Tüm bu olaylar tekil vakalar değil, liyakatsizliğin, denetimsizliğin, ihmalkarlığın, siyasi sadakatin ve cinsiyet körlüğünün kurumsallaşmış halidir. Aile ve Sosyal Hizmetler Bakanlığı, “Aile” adı altında sistemi aile gibi yönetmeye çalışırken kamusal sorumluluğunu unutmuştur, “devlet” olmanın gereğini yerine getirememektedir.

BAKANLIĞIN YANITI: REŞİT!

İstismarcı, meslekten men edilmeli ve kamuoyuna açık şekilde yargılanmalıdır. Ayrıca bu kişinin hâlâ koruyucu aile statüsünde olup olmadığı da derhal açıklanmalıdır. Eğer hâlâ başka bir çocuğun velayetini taşıyorsa, bu başlı başına bir skandaldır.

Bu soruları Aile ve Sosyal Hizmetler Bakanı Mahinur Özdemir Göktaş’a soruyoruz:

1. Bu şahıs nasıl hem müdür yapılmış hem de koruyucu aile olabilmiştir? Hangi liyakatle atanmıştır?

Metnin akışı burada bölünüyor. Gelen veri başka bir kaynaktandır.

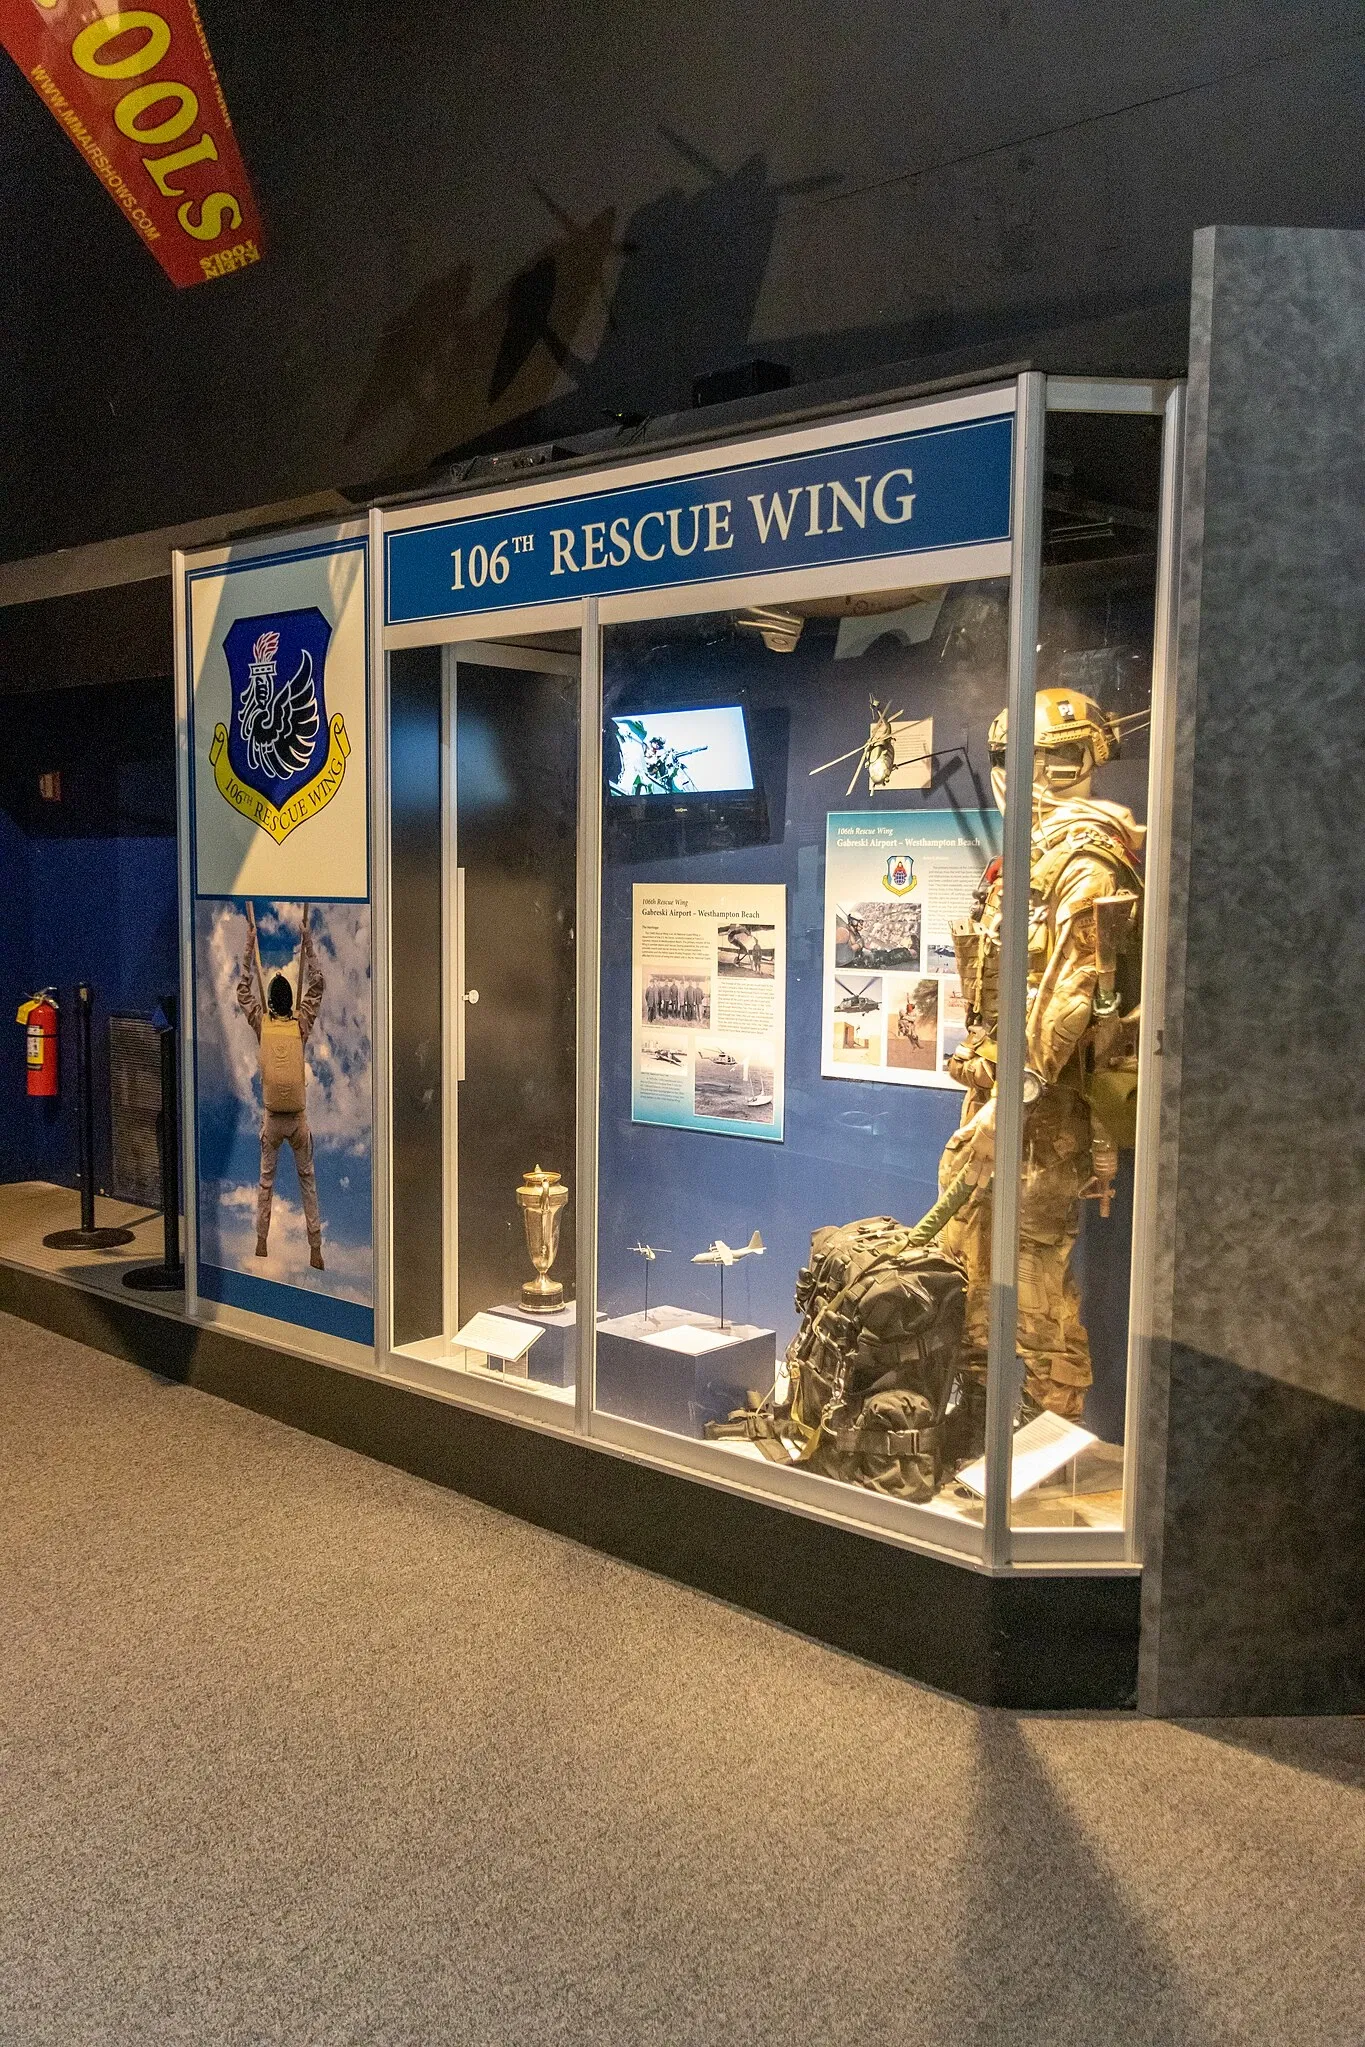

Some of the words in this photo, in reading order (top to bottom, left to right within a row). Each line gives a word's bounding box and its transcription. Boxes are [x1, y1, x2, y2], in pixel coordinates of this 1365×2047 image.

[36, 0, 243, 240] OOLS
[30, 64, 160, 241] WWW.MMAIRSHOWS.COM
[199, 239, 255, 270] TOOLS
[204, 245, 260, 279] KLEIN
[451, 534, 534, 590] 106TH
[550, 500, 733, 575] RESCUE
[747, 468, 917, 544] WING
[226, 778, 253, 806] 106TH
[254, 798, 308, 832] RESCUE
[308, 757, 343, 807] WING
[836, 838, 869, 847] Gabreski
[869, 839, 897, 849] Airport
[905, 838, 956, 849] Westhampton
[957, 838, 981, 847] Beach
[877, 828, 894, 836] Wing
[641, 908, 668, 916] Gabreski
[669, 909, 692, 918] Airport
[697, 909, 740, 919] Westhampton
[741, 910, 760, 919] Beach
[675, 899, 689, 907] Wing
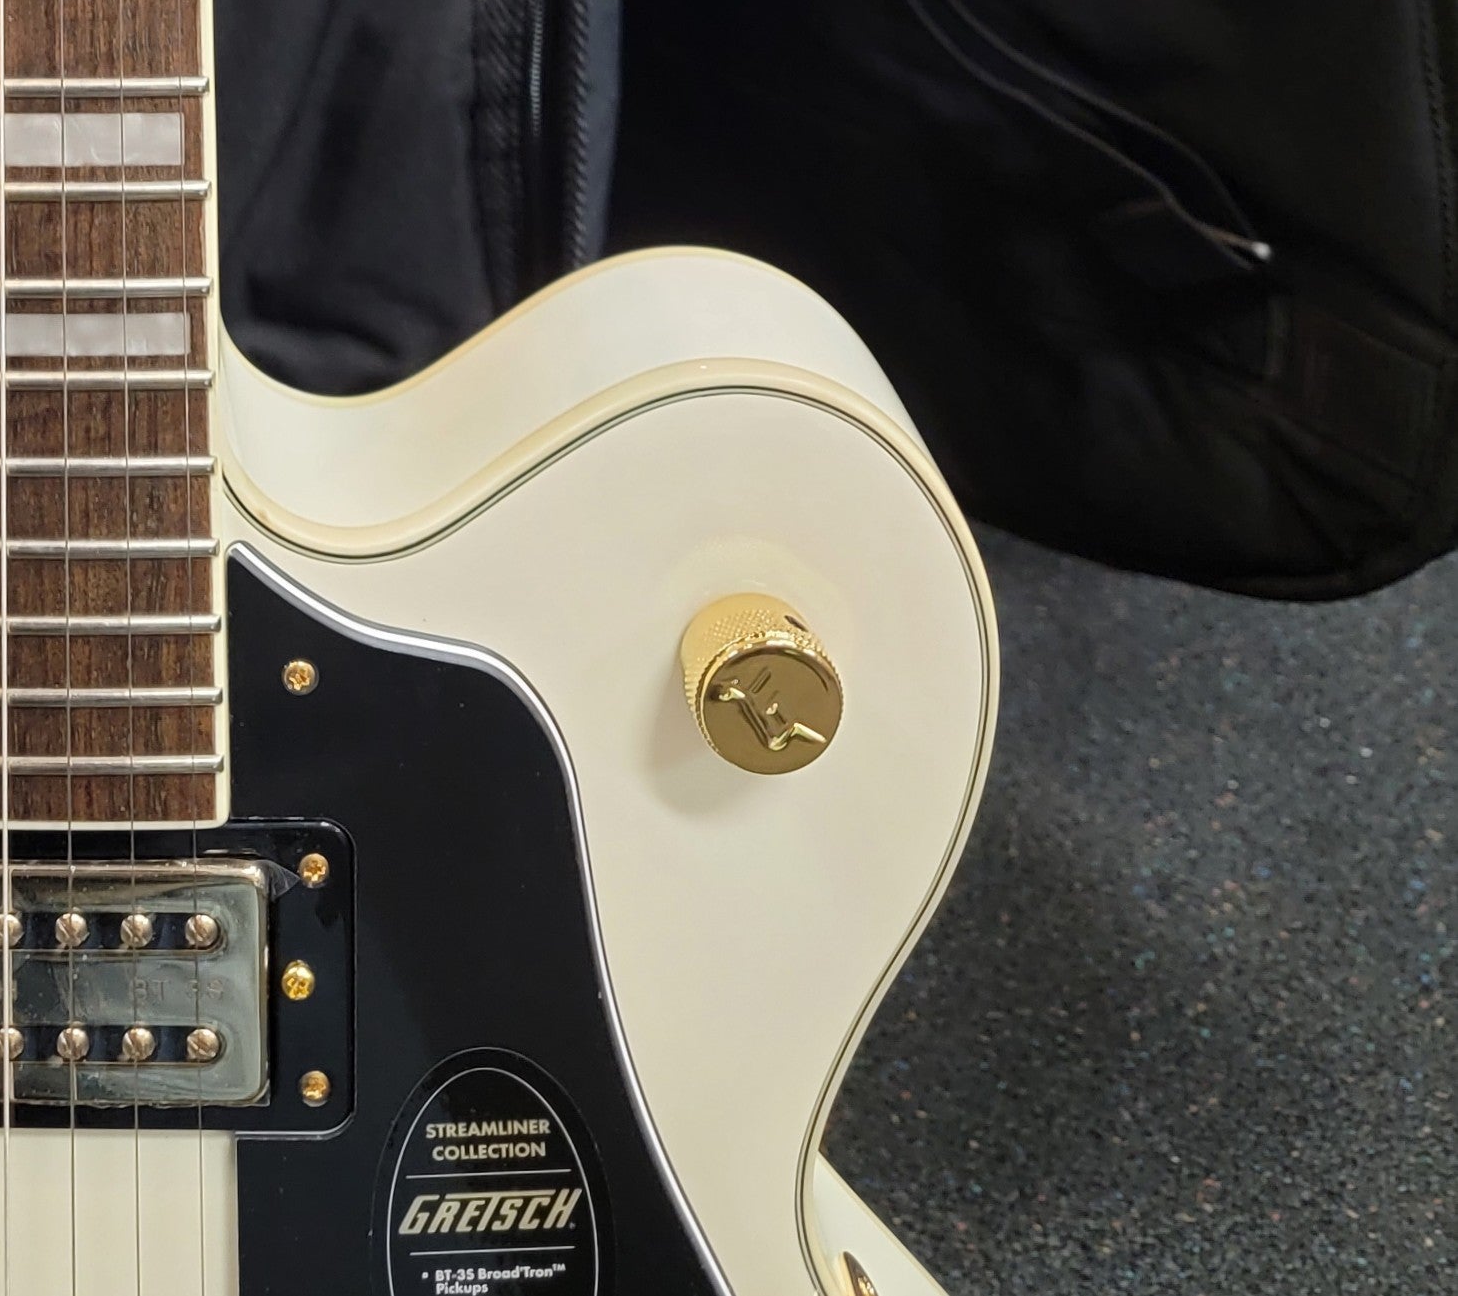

2. Daha önce Karaman İl Müdürlüğü’nde yaşanan diğer taciz vakasında açılan disiplin ve ceza soruşturmalarının akıbeti nedir?

3. Türkiye genelindeki Aile Bakanlığı kurumlarında son 10 yılda kaç istismar ve şiddet vakası yaşanmıştır? Kaçı adli sürece taşınmıştır?

4. Çocukların istismardan korunması için neden bağımsız bir denetim mekanizması kurulmamaktadır?

5. Bakanlık kadrolarında kaç yönetici liyakat esasına göre değil; siyasal veya kişisel ilişkilerle atanmıştır?

CHP OLARAK BİR KEZ DAHA UYARIYORUZ: BU ÇOCUKLAR SAHİPSİZ DEĞİL!

Cumhuriyet Halk Partisi olarak başta kadınlar, çocuklar ve gençler olmak üzere toplumun tüm kırılgan gruplarına sahip çıkmaya devam edeceğiz. Aile ve Sosyal Hizmetler Bakanlığı’nın karanlıkta bırakmaya çalıştığı her konunun takipçisi olacağız. Devletin emaneti olan bir tek çocuğun bile saçının teline zarar gelmesini kabul etmiyoruz.

Bu ülkenin çocukları, istismarcı bürokratlara, liyakatsiz müdürlere, duyarsız bakanlara teslim edilemez!

Bu olayın peşini bırakmayacağız! Sadece Karaman'da değil, tüm Türkiye'de kurumların bağımsız denetimi için gereken her adımı atacağız!